Here, we profile five trailblazing women from the GGV family. Their words and stories have provided hours of insights for our listeners on GGV Capital’s Evolving for the Next Billion.

The Authentic Leader: Jane Sun

An award-winning CEO and one of a handful of women leaders in the travel sector, Jane Sun has made her mark at the helm of NASDAQ-listed Trip.com, the largest online travel platform in China.

Her decision to enter the travel industry was ethically driven. In a conversation with us, she explained, “[I] tell myself that I need to join a company that is very healthy, very green, brings happiness to the people. I believe travel not only brings happiness to individuals, to families, let young kids learn, it also brings global peace when we travel around the world. [So] I choose to invest my time, and energy, and my youth in the travel industry.”

Likewise, she leads with compassion. Under her stewardship, the company was the first large Chinese technology firm to pledge up to 2 million RMB (approximately US$280,000) to offer egg freezing to its women employees. Her staff also enjoy family-friendly initiatives like free taxi rides for pregnant women and education subsidies for new parents.

Trip.com has become an example of a women-empowering workplace. Half of its total workforce, and a third of its high-level executives were women in 2019.

“We always put the team first. Very willing to make a personal sacrifice in order for the team to be successful,” said Jane of women leaders. “Female leaders have inherited strengths, and we have to use our strengths to be successful in the business world.”

Empowering Modern Parents: Ashley Peng

For Ashley, becoming a CEO was an unexpected result of motherhood. “We make very basic mistakes because we know nothing about parenting,” she told us, recalling her struggles to understand the needs of her infant daughter. This led her to do a lot of her own research into early childhood development. “[Information was] very fragmented. It’s here and there. And you have to do a lot of work to organize these findings to really make them something that not only you can digest but also you can teach to your family. That’s actually very difficult.”

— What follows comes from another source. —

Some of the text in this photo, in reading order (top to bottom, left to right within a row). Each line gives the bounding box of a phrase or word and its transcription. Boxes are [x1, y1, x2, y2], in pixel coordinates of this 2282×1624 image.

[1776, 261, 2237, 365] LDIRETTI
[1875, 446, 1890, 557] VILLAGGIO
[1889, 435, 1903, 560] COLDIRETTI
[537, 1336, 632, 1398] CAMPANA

Enter Xiaobu, a mobile platform for young Chinese parents with kids aged 0-6 years. Through high-quality content and smart tools, Xiaobu helps millennial parents navigate the confusing aspects of parenthood.

On the app, users can take courses on parenting, enter a “parenting university”, browse activities to do with their children, and post updates and photos to record their parenting journey.

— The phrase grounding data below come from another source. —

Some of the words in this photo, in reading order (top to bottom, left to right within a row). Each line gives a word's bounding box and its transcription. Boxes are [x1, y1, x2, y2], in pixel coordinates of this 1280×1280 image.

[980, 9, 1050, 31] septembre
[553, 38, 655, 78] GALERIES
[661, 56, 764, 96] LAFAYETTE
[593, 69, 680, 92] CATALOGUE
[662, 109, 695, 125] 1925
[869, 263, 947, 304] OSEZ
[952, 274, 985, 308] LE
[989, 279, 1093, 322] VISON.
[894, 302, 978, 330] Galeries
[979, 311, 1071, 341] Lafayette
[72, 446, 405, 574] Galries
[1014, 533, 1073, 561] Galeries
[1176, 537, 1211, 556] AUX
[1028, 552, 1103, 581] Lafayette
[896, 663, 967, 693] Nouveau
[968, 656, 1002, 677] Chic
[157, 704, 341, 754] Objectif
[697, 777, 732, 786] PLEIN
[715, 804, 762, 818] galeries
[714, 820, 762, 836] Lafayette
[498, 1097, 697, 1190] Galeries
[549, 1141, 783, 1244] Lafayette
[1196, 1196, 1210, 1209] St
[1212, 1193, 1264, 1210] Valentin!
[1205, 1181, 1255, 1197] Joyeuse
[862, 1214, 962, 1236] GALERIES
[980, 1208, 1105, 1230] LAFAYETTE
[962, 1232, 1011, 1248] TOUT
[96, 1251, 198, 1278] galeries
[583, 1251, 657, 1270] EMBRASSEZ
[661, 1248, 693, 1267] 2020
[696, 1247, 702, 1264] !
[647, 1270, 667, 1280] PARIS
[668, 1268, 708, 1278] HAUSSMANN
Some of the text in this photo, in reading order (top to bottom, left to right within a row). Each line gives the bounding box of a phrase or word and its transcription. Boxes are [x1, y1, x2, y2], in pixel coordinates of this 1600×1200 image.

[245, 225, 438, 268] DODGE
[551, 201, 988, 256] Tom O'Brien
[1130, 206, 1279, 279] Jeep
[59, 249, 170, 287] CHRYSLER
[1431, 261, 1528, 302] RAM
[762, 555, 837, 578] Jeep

Guided by her immersion in Western and Chinese education systems, Ashley sees Xiaobu as a powerful tool for change.

“This is really something that could change the Chinese education system. I do think if everybody understands what critical and analytical thinking is and everybody understands why we should encourage children to do projects…I think they could really help the Chinese educator and the parents.”

The Driven Go-Getter: Miranda Qu

“We found it interesting that Chinese people are traveling overseas for shopping…and at that time there wasn’t any application that tackled this market,” said Miranda, describing how four years ago she spotted the opportunity that would kickstart her entrepreneurial journey.

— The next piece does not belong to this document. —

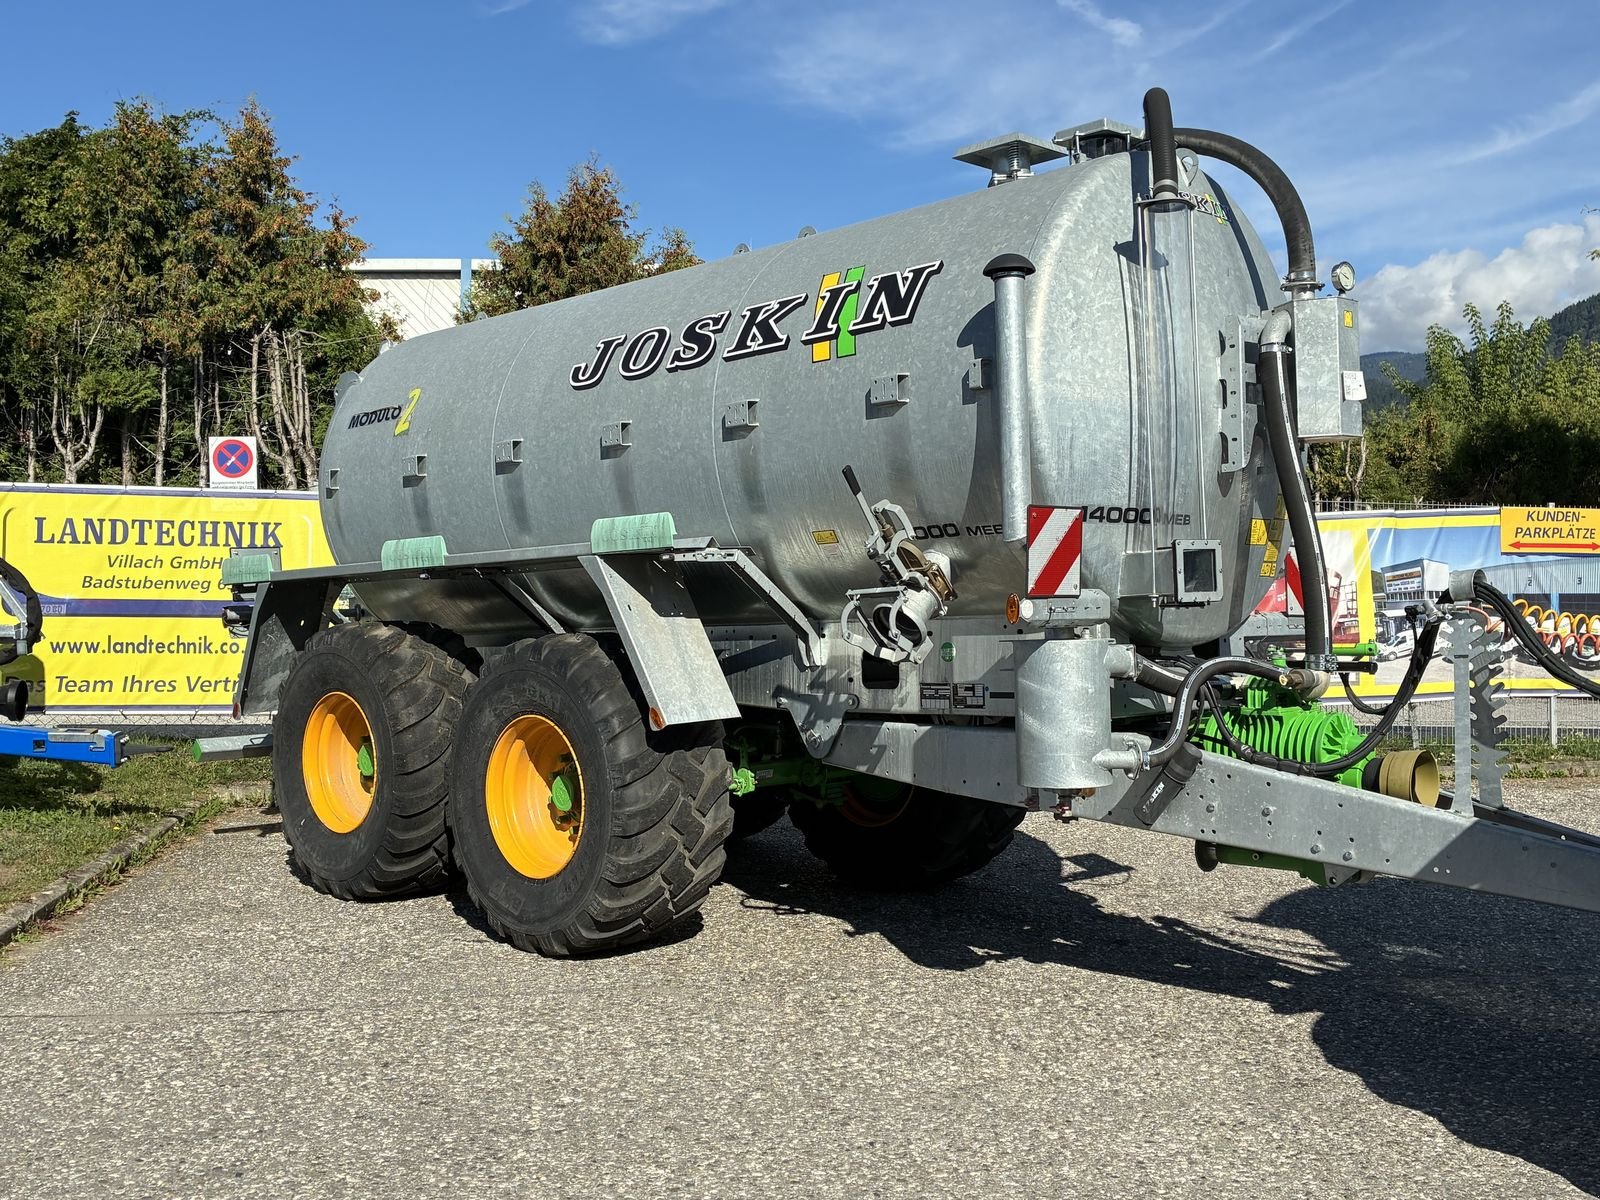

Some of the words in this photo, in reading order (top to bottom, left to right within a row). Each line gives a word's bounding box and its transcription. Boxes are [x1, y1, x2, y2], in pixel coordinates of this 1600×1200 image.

Today, Xiaohongshu is a pioneer in integrating content, commerce, and community – the perfect combination GGV Managing Partner Hans Tung considers critical for e-commerce platforms to stand out.

For Miranda and her co-founder, Charlwin, the road to success took a little longer than some. As avid shoppers themselves, they started Xiaohongshu as a way to teach Chinese consumers how to shop overseas. “We started as a content platform, purely based on solving users’ problems…and at the end of 2014 we received a lot of complaints about, ‘We see a lot of beautiful things every day’,” she recalled, explaining the company’s decision to venture into e-commerce. Their customers wanted access to the coveted overseas goods, along with the content.

The team then put up one product for sale to test user interest, and it sold out in seconds.

WithIn a month, Xiaohongshu had a gross merchandise value (GMV) of RMB ¥1,000,000 (approximately US$154,295). By 2020, sales were reportedly reaching RMB 3 billion (US$462.9 million). On the decision to pivot the business, Miranda only declared pragmatically, “I think we always worry, but to worry makes no sense, and so we just tried.”

Strategic Solutions for Small Businesses: My Linh

Laser-sharp focus and expertise – two distinctive traits My Linh exhibited during her turn on our podcast.

She had followed Telio’s founder SyPhong Bui from his previous startup, and had a keen eye for the opportunities to be had in small local businesses. “Cashless payment isn’t one of the main pain points of the mom-and-pop stores,” she told us. “However…fulfilling their stores is a pain point where we can help.”

This meant enabling small stores to access suppliers and brands, solving the prevalent market practice of opaque goods pricing, and facilitating regular, reliable deliveries.

Born from that ambition,Telio is now Vietnam’s largest B2B e-Commerce platform, connecting small traditional retailers with brands and wholesalers via a centralized platform.

As Telio’s founder SyPhong Bui put it, the company’s vision was to “become a unicorn of impact first, which means every single action we deliver can make our customers happy.”

The company closed its Series A funding with US$25 million at the end of 2019.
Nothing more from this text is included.